Cansado me acosté con la cabeza entre sus piernas abiertas. Ella me decía que la desatara, pero aquella visión me excitaba demasiado como para hacerlo. Su coño abierto destilaba flujos que iban cayendo por el interior de sus muslos, mi blanco esperma rezumaba en la entrada de su vagina, comenzando a gotear entre el rizado pelo de su pubis.
Aquella visión me hizo mirarle entre las piernas, ella se dio cuenta e inmediatamente las cerró. Su marido seguía probando las bisagras de los armarios cuando yo no podía dejar de pensar en aquel conejito que me daba tanto placer, incluso provocándome una erección allí mismo, notando como una gotita salía por la punta de mi glande.
Me daban ganas de follármela allí mismo, delante de su marido, para que viera lo putita que se ponía y lo que disfrutaba cuando me la follaba. Seguro que el morbo le haría correrse antes de penetrarla.
El marido la increpó, te ha gustado, nena.

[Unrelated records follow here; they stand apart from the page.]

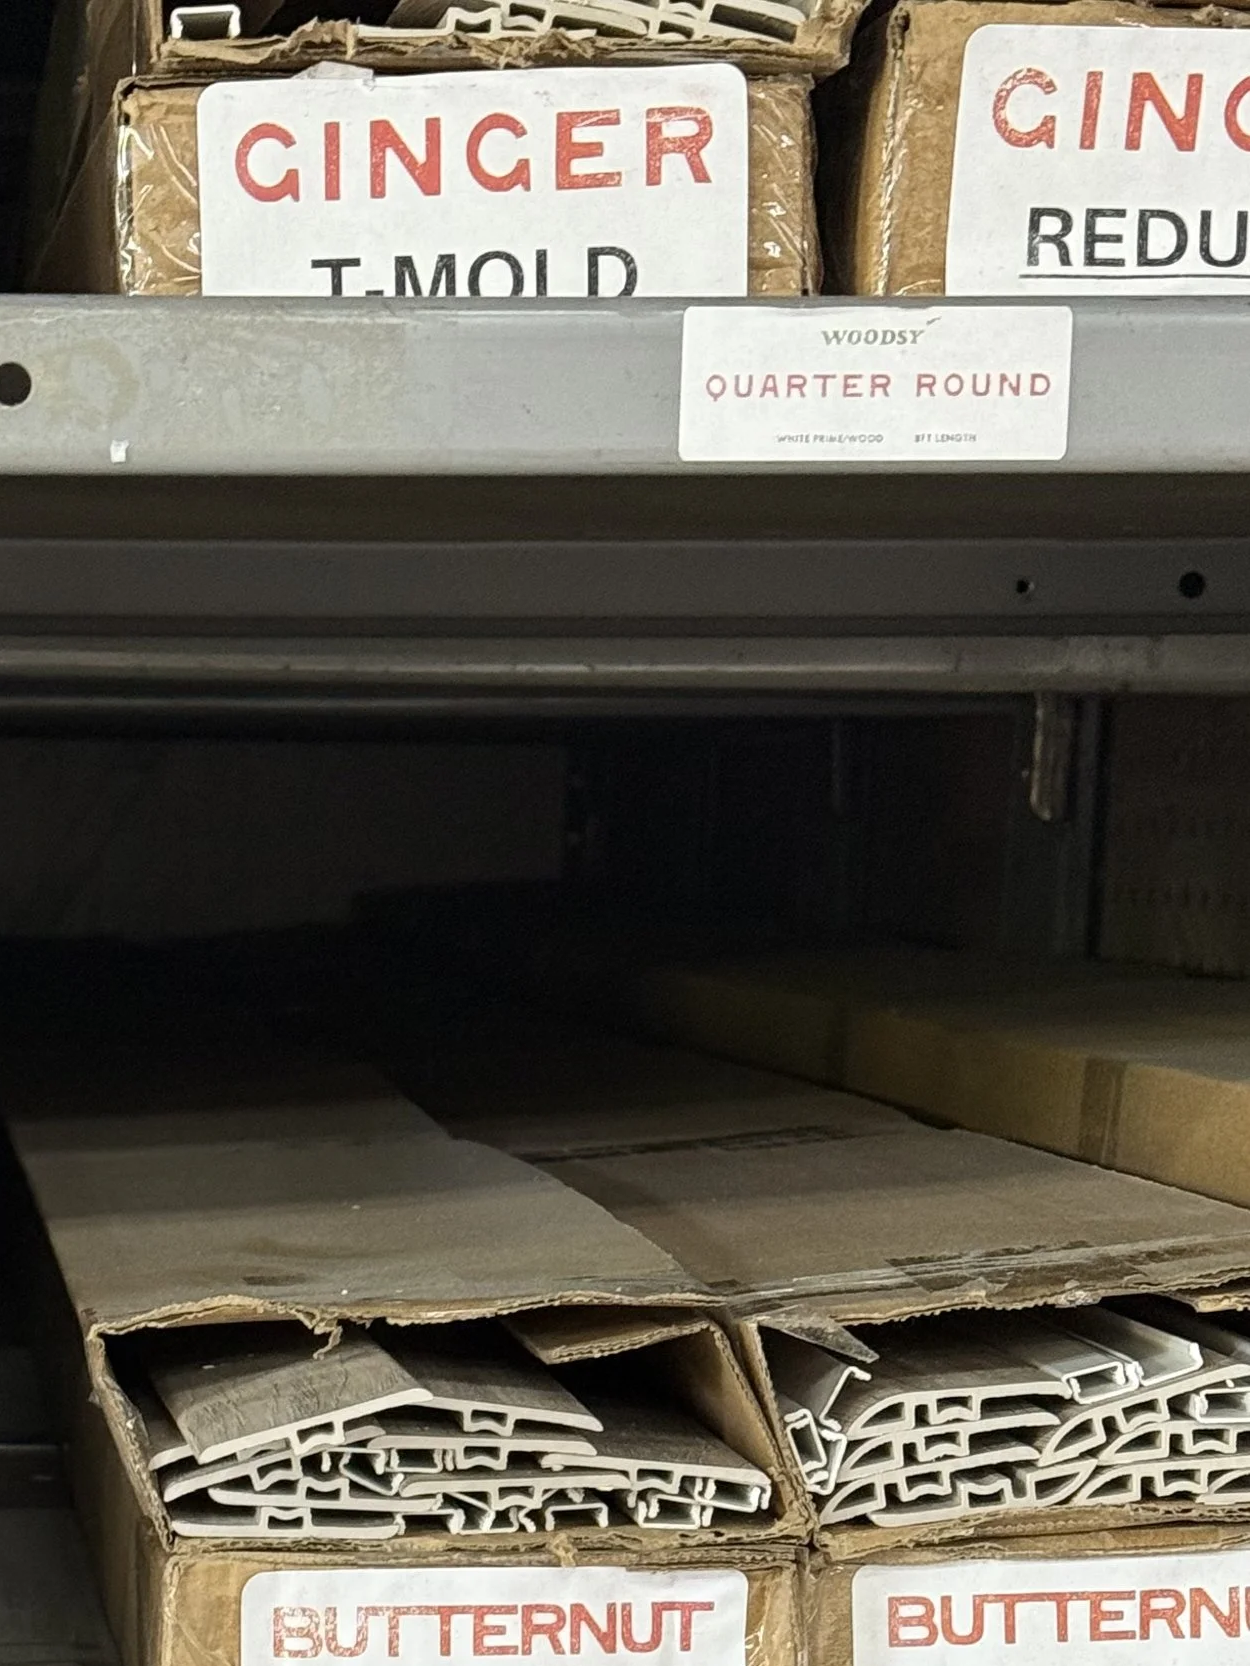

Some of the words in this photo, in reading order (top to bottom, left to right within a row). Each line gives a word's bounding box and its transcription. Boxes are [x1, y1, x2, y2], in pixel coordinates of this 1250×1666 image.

[235, 105, 713, 203] GINGER
[1026, 206, 1249, 268] REDU
[311, 246, 638, 297] T-MOLD
[821, 328, 925, 346] WOODSY
[705, 373, 892, 402] QUARTER
[915, 372, 1052, 399] ROUND
[271, 1600, 716, 1659] BUTTERNUT
[888, 1586, 1250, 1648] BUTTERN
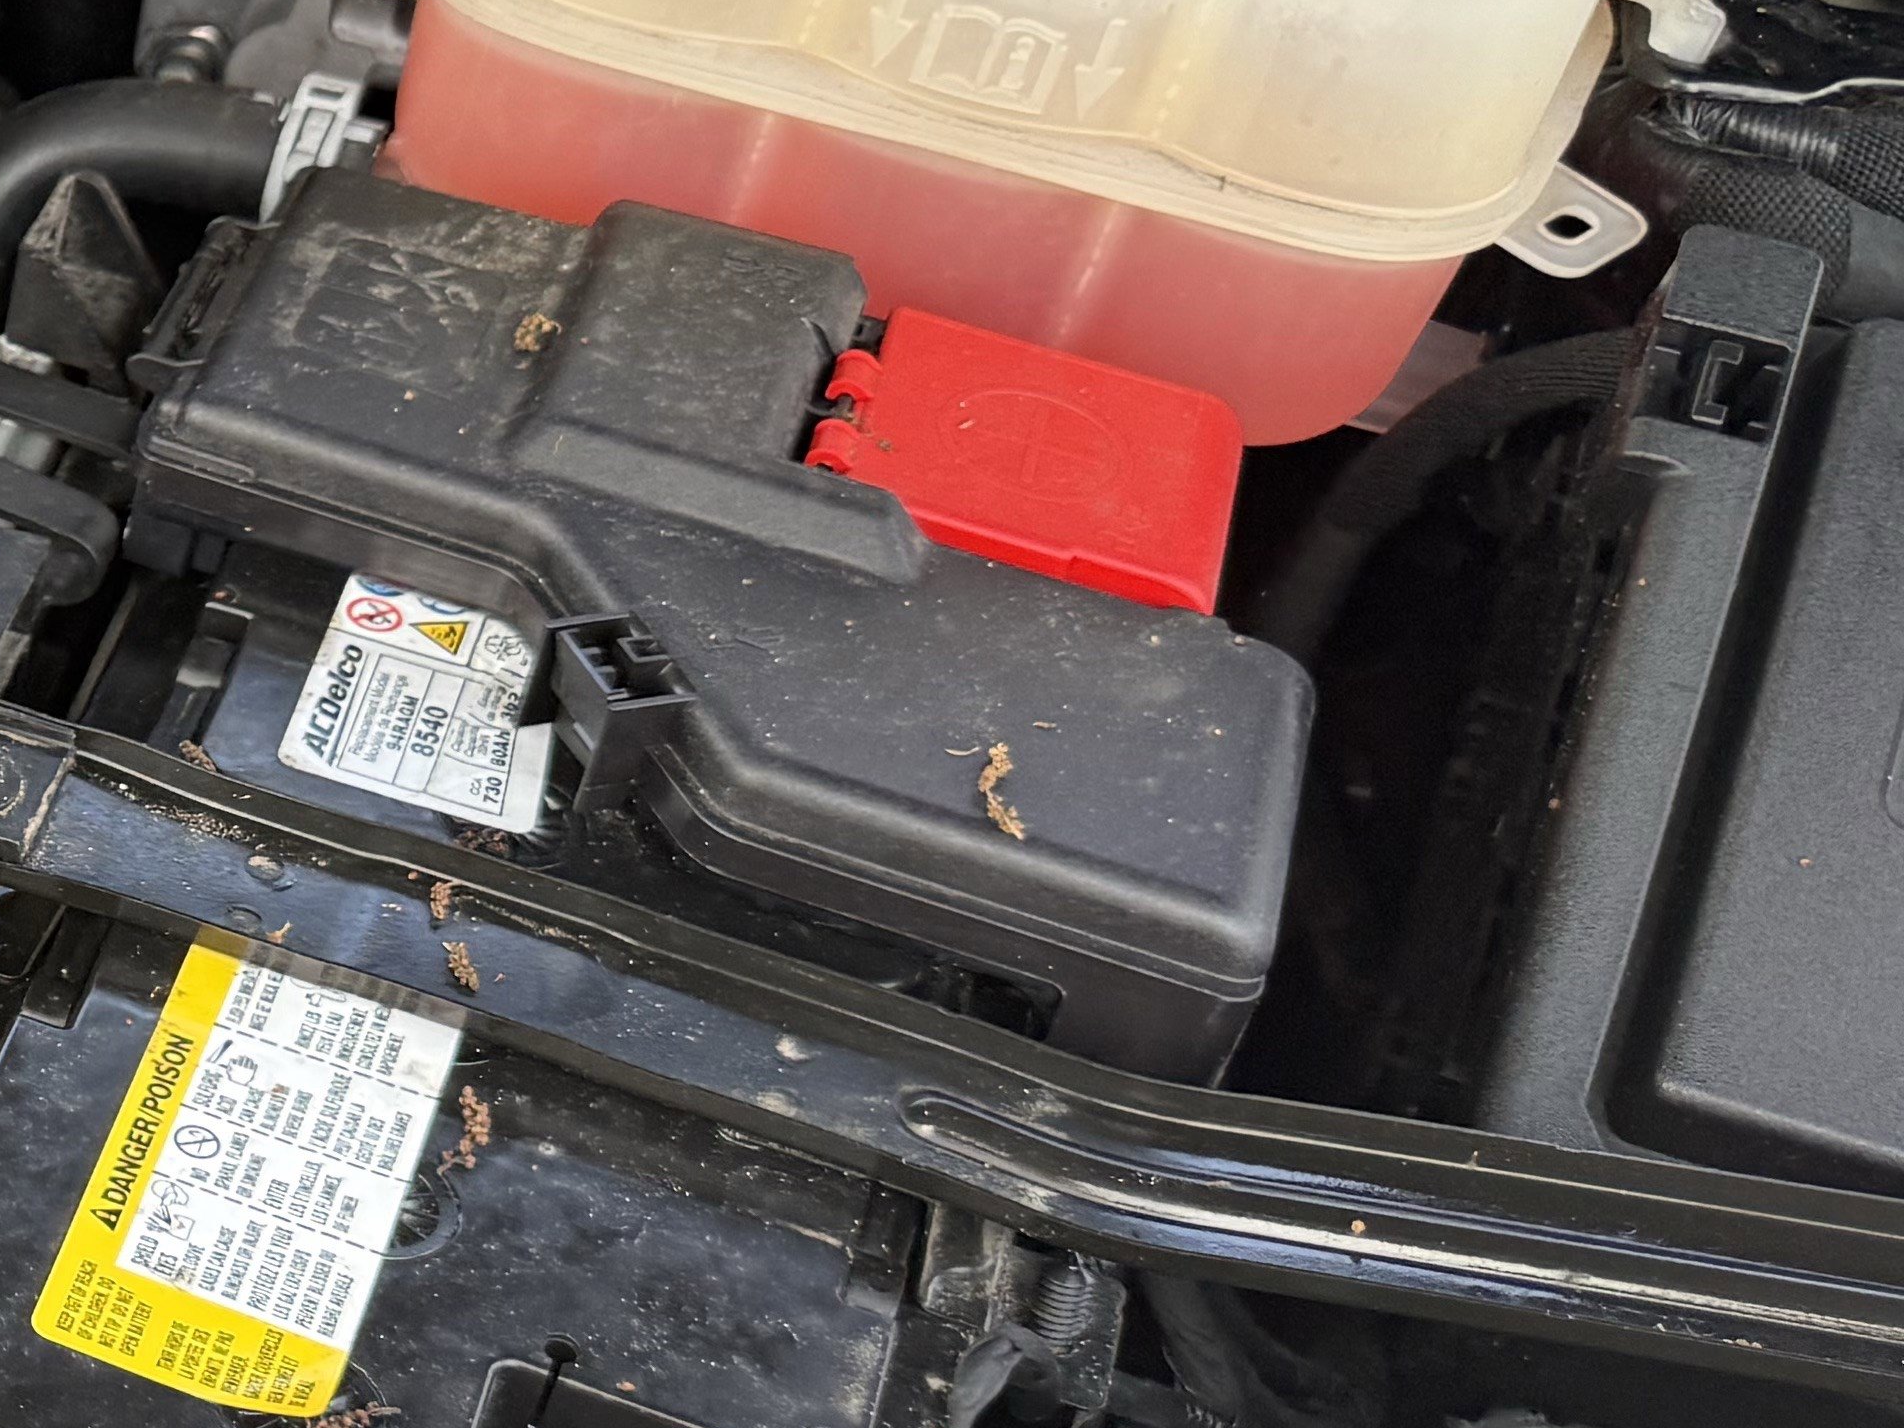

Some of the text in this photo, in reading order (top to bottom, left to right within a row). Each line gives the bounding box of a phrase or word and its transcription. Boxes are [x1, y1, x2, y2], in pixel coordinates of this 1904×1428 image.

[304, 644, 363, 757] ACDelco
[420, 706, 448, 758] 8540
[490, 726, 511, 767] 80Ah
[483, 776, 503, 804] 730
[102, 1033, 193, 1205] DANGER/POISON

Bueno, fue su respuesta, hay que ver alguno más. Deseando salir de aquella habitación donde había sido mancillada, se dirigió hacia la salida sin esperar a su esposo. Se despidió de mí cortésmente dándome su mano sin apenas llegar a rozar la mía y sin dirigirme la mirada. Esa mano que en otras ocasiones no dudaba en masturbar mi polla hasta hacerme eyacular.
El marido me dio un fuerte apretón de manos y me comunicó que ya me llamaría con la respuesta en unos días. Yo sabía que ella no iba a optar por aquella casa, ya que podía servirnos de nidito sexual así que me quedé mirando su culito contonearse hasta la puerta del ascensor al mismo tiempo que notaba que la erección no bajaba. Le haría pagar su indiferencia en su próxima visita a aquel pisito.